Data for the task:
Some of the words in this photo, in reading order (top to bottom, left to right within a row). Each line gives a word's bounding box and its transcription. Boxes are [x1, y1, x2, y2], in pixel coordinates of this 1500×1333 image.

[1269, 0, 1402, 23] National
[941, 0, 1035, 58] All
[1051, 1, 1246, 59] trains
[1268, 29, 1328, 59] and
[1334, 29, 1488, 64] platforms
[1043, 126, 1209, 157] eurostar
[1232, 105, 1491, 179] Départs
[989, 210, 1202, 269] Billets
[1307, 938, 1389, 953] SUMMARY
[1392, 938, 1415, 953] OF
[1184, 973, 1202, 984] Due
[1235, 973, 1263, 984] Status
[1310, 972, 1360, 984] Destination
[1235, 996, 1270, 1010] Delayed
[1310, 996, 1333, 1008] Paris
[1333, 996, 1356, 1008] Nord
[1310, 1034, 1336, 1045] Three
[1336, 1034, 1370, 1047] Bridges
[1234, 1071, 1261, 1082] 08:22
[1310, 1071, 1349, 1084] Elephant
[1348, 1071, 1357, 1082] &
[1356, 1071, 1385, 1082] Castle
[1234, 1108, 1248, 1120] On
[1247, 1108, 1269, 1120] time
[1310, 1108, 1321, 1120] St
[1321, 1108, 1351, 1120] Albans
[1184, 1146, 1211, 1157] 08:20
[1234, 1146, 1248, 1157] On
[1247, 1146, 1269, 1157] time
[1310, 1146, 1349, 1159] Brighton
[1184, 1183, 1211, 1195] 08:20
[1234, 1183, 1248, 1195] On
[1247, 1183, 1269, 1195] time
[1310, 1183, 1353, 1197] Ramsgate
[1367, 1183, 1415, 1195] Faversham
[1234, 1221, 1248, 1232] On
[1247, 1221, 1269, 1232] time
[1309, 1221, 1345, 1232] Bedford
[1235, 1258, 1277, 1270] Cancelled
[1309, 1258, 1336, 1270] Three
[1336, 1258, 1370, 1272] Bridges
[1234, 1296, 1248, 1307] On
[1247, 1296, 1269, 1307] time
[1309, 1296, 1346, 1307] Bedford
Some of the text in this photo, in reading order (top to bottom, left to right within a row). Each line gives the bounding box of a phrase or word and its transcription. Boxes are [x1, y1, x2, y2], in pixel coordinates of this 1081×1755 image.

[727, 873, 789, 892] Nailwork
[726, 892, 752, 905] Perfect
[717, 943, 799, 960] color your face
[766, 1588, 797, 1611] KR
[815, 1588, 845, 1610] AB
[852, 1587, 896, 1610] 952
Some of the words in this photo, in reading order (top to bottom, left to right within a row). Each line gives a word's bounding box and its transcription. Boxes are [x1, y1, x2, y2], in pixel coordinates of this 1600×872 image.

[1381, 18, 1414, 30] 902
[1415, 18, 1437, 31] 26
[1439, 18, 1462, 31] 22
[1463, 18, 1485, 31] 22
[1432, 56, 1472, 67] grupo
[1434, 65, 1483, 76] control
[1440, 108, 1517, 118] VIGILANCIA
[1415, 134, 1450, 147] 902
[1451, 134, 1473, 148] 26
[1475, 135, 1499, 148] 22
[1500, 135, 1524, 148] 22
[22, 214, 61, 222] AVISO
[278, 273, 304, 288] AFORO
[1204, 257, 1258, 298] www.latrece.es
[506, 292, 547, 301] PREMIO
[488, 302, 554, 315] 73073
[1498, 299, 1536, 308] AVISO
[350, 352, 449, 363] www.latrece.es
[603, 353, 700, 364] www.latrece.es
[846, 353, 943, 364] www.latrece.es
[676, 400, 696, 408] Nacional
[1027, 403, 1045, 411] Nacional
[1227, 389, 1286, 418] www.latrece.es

Action item:
Word for word, write out all of the entries.

Result below:
Some of the words in this photo, in reading order (top to bottom, left to right within a row). Each line gives a word's bounding box and its transcription. Boxes are [x1, y1, x2, y2], in pixel coordinates of this 1500×1333 image.

[1269, 0, 1402, 23] National
[941, 0, 1035, 58] All
[1051, 1, 1246, 59] trains
[1268, 29, 1328, 59] and
[1334, 29, 1488, 64] platforms
[1043, 126, 1209, 157] eurostar
[1232, 105, 1491, 179] Départs
[989, 210, 1202, 269] Billets
[1307, 938, 1389, 953] SUMMARY
[1392, 938, 1415, 953] OF
[1184, 973, 1202, 984] Due
[1235, 973, 1263, 984] Status
[1310, 972, 1360, 984] Destination
[1235, 996, 1270, 1010] Delayed
[1310, 996, 1333, 1008] Paris
[1333, 996, 1356, 1008] Nord
[1310, 1034, 1336, 1045] Three
[1336, 1034, 1370, 1047] Bridges
[1234, 1071, 1261, 1082] 08:22
[1310, 1071, 1349, 1084] Elephant
[1348, 1071, 1357, 1082] &
[1356, 1071, 1385, 1082] Castle
[1234, 1108, 1248, 1120] On
[1247, 1108, 1269, 1120] time
[1310, 1108, 1321, 1120] St
[1321, 1108, 1351, 1120] Albans
[1184, 1146, 1211, 1157] 08:20
[1234, 1146, 1248, 1157] On
[1247, 1146, 1269, 1157] time
[1310, 1146, 1349, 1159] Brighton
[1184, 1183, 1211, 1195] 08:20
[1234, 1183, 1248, 1195] On
[1247, 1183, 1269, 1195] time
[1310, 1183, 1353, 1197] Ramsgate
[1367, 1183, 1415, 1195] Faversham
[1234, 1221, 1248, 1232] On
[1247, 1221, 1269, 1232] time
[1309, 1221, 1345, 1232] Bedford
[1235, 1258, 1277, 1270] Cancelled
[1309, 1258, 1336, 1270] Three
[1336, 1258, 1370, 1272] Bridges
[1234, 1296, 1248, 1307] On
[1247, 1296, 1269, 1307] time
[1309, 1296, 1346, 1307] Bedford
Some of the text in this photo, in reading order (top to bottom, left to right within a row). Each line gives the bounding box of a phrase or word and its transcription. Boxes are [x1, y1, x2, y2], in pixel coordinates of this 1081×1755 image.

[727, 873, 789, 892] Nailwork
[726, 892, 752, 905] Perfect
[717, 943, 799, 960] color your face
[766, 1588, 797, 1611] KR
[815, 1588, 845, 1610] AB
[852, 1587, 896, 1610] 952
Some of the words in this photo, in reading order (top to bottom, left to right within a row). Each line gives a word's bounding box and its transcription. Boxes are [x1, y1, x2, y2], in pixel coordinates of this 1600×872 image.

[1381, 18, 1414, 30] 902
[1415, 18, 1437, 31] 26
[1439, 18, 1462, 31] 22
[1463, 18, 1485, 31] 22
[1432, 56, 1472, 67] grupo
[1434, 65, 1483, 76] control
[1440, 108, 1517, 118] VIGILANCIA
[1415, 134, 1450, 147] 902
[1451, 134, 1473, 148] 26
[1475, 135, 1499, 148] 22
[1500, 135, 1524, 148] 22
[22, 214, 61, 222] AVISO
[278, 273, 304, 288] AFORO
[1204, 257, 1258, 298] www.latrece.es
[506, 292, 547, 301] PREMIO
[488, 302, 554, 315] 73073
[1498, 299, 1536, 308] AVISO
[350, 352, 449, 363] www.latrece.es
[603, 353, 700, 364] www.latrece.es
[846, 353, 943, 364] www.latrece.es
[676, 400, 696, 408] Nacional
[1027, 403, 1045, 411] Nacional
[1227, 389, 1286, 418] www.latrece.es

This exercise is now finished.